■ **About this exercise**
Would you please restate all of the data exactly?

——————————

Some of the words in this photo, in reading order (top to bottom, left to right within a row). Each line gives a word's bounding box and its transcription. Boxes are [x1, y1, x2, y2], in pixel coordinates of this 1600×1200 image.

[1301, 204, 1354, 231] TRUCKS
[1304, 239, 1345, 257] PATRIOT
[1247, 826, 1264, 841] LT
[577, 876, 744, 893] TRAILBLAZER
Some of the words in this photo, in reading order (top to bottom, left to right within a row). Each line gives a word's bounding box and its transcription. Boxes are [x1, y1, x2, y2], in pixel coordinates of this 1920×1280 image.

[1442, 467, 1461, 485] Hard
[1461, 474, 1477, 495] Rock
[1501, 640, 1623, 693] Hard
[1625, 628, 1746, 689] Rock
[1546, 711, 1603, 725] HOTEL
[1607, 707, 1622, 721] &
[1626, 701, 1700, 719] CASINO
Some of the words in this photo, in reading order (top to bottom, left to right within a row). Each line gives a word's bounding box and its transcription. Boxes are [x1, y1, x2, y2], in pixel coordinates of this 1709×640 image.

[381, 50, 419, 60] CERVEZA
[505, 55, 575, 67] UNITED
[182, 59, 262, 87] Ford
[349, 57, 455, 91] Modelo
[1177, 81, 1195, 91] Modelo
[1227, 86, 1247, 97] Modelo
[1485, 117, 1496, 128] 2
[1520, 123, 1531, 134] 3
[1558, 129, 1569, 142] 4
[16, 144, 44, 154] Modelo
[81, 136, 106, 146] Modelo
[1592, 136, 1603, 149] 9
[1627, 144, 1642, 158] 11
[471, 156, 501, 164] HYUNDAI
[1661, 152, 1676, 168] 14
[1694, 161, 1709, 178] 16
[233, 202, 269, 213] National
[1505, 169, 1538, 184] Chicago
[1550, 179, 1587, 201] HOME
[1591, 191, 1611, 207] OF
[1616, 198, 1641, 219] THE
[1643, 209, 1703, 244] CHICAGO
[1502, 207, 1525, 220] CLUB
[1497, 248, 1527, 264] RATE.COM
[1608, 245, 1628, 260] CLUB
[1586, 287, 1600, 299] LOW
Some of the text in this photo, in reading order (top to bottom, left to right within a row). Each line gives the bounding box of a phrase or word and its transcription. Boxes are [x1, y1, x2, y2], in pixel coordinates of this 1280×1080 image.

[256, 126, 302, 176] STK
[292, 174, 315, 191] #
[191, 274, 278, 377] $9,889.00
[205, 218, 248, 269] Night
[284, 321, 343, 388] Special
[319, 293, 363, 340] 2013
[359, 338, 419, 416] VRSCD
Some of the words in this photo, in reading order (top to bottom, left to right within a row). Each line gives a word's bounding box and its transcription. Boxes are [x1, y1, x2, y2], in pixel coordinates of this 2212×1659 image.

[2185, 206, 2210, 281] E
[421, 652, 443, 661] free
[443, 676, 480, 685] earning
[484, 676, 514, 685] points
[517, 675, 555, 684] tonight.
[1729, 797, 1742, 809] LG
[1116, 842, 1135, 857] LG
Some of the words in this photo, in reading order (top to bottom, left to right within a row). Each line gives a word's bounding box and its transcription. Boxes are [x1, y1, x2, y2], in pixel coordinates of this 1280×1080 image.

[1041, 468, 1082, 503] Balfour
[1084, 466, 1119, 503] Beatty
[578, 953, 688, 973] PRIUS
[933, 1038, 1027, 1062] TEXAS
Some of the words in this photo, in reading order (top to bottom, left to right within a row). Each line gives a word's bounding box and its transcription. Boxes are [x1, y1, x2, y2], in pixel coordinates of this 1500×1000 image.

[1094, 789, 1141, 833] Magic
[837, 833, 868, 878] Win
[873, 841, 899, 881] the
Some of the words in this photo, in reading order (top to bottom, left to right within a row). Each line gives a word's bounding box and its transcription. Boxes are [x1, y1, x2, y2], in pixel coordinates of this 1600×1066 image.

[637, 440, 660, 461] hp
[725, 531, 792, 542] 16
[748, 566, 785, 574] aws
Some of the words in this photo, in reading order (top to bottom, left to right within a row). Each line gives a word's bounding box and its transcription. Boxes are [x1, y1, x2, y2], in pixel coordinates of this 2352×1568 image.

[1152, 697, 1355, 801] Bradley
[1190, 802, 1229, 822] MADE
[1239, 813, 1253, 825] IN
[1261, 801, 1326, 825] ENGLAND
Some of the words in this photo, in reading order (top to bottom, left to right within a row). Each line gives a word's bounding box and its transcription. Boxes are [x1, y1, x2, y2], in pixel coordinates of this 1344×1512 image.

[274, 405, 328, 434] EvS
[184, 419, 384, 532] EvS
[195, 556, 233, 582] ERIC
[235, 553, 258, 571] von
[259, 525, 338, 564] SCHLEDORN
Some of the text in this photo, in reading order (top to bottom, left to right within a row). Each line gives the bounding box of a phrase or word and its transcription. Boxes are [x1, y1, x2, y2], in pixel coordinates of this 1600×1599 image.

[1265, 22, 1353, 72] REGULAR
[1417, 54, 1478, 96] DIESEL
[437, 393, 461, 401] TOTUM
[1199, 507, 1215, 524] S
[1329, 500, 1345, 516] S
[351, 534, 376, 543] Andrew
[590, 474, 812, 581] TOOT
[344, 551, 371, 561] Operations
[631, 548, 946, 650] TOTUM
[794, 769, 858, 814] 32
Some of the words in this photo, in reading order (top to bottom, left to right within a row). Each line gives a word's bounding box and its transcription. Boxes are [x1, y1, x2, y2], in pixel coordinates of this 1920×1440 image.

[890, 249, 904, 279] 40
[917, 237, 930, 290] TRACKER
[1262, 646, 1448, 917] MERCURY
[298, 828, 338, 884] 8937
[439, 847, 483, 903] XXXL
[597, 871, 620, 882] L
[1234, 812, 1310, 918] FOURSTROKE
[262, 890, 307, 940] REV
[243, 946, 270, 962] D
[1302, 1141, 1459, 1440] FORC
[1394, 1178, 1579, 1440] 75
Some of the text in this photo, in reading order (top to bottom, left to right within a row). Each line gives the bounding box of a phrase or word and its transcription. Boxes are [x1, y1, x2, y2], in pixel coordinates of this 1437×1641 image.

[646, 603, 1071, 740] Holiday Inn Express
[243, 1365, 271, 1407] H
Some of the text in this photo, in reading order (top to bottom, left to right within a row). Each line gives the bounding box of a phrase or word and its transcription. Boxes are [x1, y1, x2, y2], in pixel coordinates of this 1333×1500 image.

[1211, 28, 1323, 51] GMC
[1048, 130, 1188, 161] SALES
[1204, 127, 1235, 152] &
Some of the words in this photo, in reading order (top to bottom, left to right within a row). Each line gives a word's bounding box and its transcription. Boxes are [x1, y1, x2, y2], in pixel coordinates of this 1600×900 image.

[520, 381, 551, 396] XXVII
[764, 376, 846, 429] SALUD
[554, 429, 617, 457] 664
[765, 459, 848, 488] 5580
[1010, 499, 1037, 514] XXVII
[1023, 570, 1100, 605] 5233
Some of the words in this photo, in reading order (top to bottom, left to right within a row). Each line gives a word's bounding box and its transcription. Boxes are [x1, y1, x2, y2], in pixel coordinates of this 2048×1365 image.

——————————

■ **Solution to the problem**
Some of the words in this photo, in reading order (top to bottom, left to right within a row). Each line gives a word's bounding box and its transcription. Boxes are [x1, y1, x2, y2], in pixel coordinates of this 1600×1200 image.

[1301, 204, 1354, 231] TRUCKS
[1304, 239, 1345, 257] PATRIOT
[1247, 826, 1264, 841] LT
[577, 876, 744, 893] TRAILBLAZER
Some of the words in this photo, in reading order (top to bottom, left to right within a row). Each line gives a word's bounding box and its transcription. Boxes are [x1, y1, x2, y2], in pixel coordinates of this 1920×1280 image.

[1442, 467, 1461, 485] Hard
[1461, 474, 1477, 495] Rock
[1501, 640, 1623, 693] Hard
[1625, 628, 1746, 689] Rock
[1546, 711, 1603, 725] HOTEL
[1607, 707, 1622, 721] &
[1626, 701, 1700, 719] CASINO
Some of the words in this photo, in reading order (top to bottom, left to right within a row). Each line gives a word's bounding box and its transcription. Boxes are [x1, y1, x2, y2], in pixel coordinates of this 1709×640 image.

[381, 50, 419, 60] CERVEZA
[505, 55, 575, 67] UNITED
[182, 59, 262, 87] Ford
[349, 57, 455, 91] Modelo
[1177, 81, 1195, 91] Modelo
[1227, 86, 1247, 97] Modelo
[1485, 117, 1496, 128] 2
[1520, 123, 1531, 134] 3
[1558, 129, 1569, 142] 4
[16, 144, 44, 154] Modelo
[81, 136, 106, 146] Modelo
[1592, 136, 1603, 149] 9
[1627, 144, 1642, 158] 11
[471, 156, 501, 164] HYUNDAI
[1661, 152, 1676, 168] 14
[1694, 161, 1709, 178] 16
[233, 202, 269, 213] National
[1505, 169, 1538, 184] Chicago
[1550, 179, 1587, 201] HOME
[1591, 191, 1611, 207] OF
[1616, 198, 1641, 219] THE
[1643, 209, 1703, 244] CHICAGO
[1502, 207, 1525, 220] CLUB
[1497, 248, 1527, 264] RATE.COM
[1608, 245, 1628, 260] CLUB
[1586, 287, 1600, 299] LOW
Some of the text in this photo, in reading order (top to bottom, left to right within a row). Each line gives the bounding box of a phrase or word and its transcription. Boxes are [x1, y1, x2, y2], in pixel coordinates of this 1280×1080 image.

[256, 126, 302, 176] STK
[292, 174, 315, 191] #
[191, 274, 278, 377] $9,889.00
[205, 218, 248, 269] Night
[284, 321, 343, 388] Special
[319, 293, 363, 340] 2013
[359, 338, 419, 416] VRSCD
Some of the words in this photo, in reading order (top to bottom, left to right within a row). Each line gives a word's bounding box and its transcription. Boxes are [x1, y1, x2, y2], in pixel coordinates of this 2212×1659 image.

[2185, 206, 2210, 281] E
[421, 652, 443, 661] free
[443, 676, 480, 685] earning
[484, 676, 514, 685] points
[517, 675, 555, 684] tonight.
[1729, 797, 1742, 809] LG
[1116, 842, 1135, 857] LG
Some of the words in this photo, in reading order (top to bottom, left to right within a row). Each line gives a word's bounding box and its transcription. Boxes are [x1, y1, x2, y2], in pixel coordinates of this 1280×1080 image.

[1041, 468, 1082, 503] Balfour
[1084, 466, 1119, 503] Beatty
[578, 953, 688, 973] PRIUS
[933, 1038, 1027, 1062] TEXAS
Some of the words in this photo, in reading order (top to bottom, left to right within a row). Each line gives a word's bounding box and its transcription. Boxes are [x1, y1, x2, y2], in pixel coordinates of this 1500×1000 image.

[1094, 789, 1141, 833] Magic
[837, 833, 868, 878] Win
[873, 841, 899, 881] the
Some of the words in this photo, in reading order (top to bottom, left to right within a row). Each line gives a word's bounding box and its transcription. Boxes are [x1, y1, x2, y2], in pixel coordinates of this 1600×1066 image.

[637, 440, 660, 461] hp
[725, 531, 792, 542] 16
[748, 566, 785, 574] aws
Some of the words in this photo, in reading order (top to bottom, left to right within a row). Each line gives a word's bounding box and its transcription. Boxes are [x1, y1, x2, y2], in pixel coordinates of this 2352×1568 image.

[1152, 697, 1355, 801] Bradley
[1190, 802, 1229, 822] MADE
[1239, 813, 1253, 825] IN
[1261, 801, 1326, 825] ENGLAND
Some of the words in this photo, in reading order (top to bottom, left to right within a row). Each line gives a word's bounding box and its transcription. Boxes are [x1, y1, x2, y2], in pixel coordinates of this 1344×1512 image.

[274, 405, 328, 434] EvS
[184, 419, 384, 532] EvS
[195, 556, 233, 582] ERIC
[235, 553, 258, 571] von
[259, 525, 338, 564] SCHLEDORN
Some of the text in this photo, in reading order (top to bottom, left to right within a row). Each line gives the bounding box of a phrase or word and its transcription. Boxes are [x1, y1, x2, y2], in pixel coordinates of this 1600×1599 image.

[1265, 22, 1353, 72] REGULAR
[1417, 54, 1478, 96] DIESEL
[437, 393, 461, 401] TOTUM
[1199, 507, 1215, 524] S
[1329, 500, 1345, 516] S
[351, 534, 376, 543] Andrew
[590, 474, 812, 581] TOOT
[344, 551, 371, 561] Operations
[631, 548, 946, 650] TOTUM
[794, 769, 858, 814] 32
Some of the words in this photo, in reading order (top to bottom, left to right within a row). Each line gives a word's bounding box and its transcription. Boxes are [x1, y1, x2, y2], in pixel coordinates of this 1920×1440 image.

[890, 249, 904, 279] 40
[917, 237, 930, 290] TRACKER
[1262, 646, 1448, 917] MERCURY
[298, 828, 338, 884] 8937
[439, 847, 483, 903] XXXL
[597, 871, 620, 882] L
[1234, 812, 1310, 918] FOURSTROKE
[262, 890, 307, 940] REV
[243, 946, 270, 962] D
[1302, 1141, 1459, 1440] FORC
[1394, 1178, 1579, 1440] 75
Some of the text in this photo, in reading order (top to bottom, left to right within a row). Each line gives the bounding box of a phrase or word and its transcription. Boxes are [x1, y1, x2, y2], in pixel coordinates of this 1437×1641 image.

[646, 603, 1071, 740] Holiday Inn Express
[243, 1365, 271, 1407] H
Some of the text in this photo, in reading order (top to bottom, left to right within a row). Each line gives the bounding box of a phrase or word and its transcription. Boxes are [x1, y1, x2, y2], in pixel coordinates of this 1333×1500 image.

[1211, 28, 1323, 51] GMC
[1048, 130, 1188, 161] SALES
[1204, 127, 1235, 152] &
Some of the words in this photo, in reading order (top to bottom, left to right within a row). Each line gives a word's bounding box and its transcription. Boxes are [x1, y1, x2, y2], in pixel coordinates of this 1600×900 image.

[520, 381, 551, 396] XXVII
[764, 376, 846, 429] SALUD
[554, 429, 617, 457] 664
[765, 459, 848, 488] 5580
[1010, 499, 1037, 514] XXVII
[1023, 570, 1100, 605] 5233
Some of the words in this photo, in reading order (top to bottom, left to right within a row). Each line gives a word's bounding box and its transcription. Boxes are [x1, y1, x2, y2], in pixel coordinates of this 2048×1365 image.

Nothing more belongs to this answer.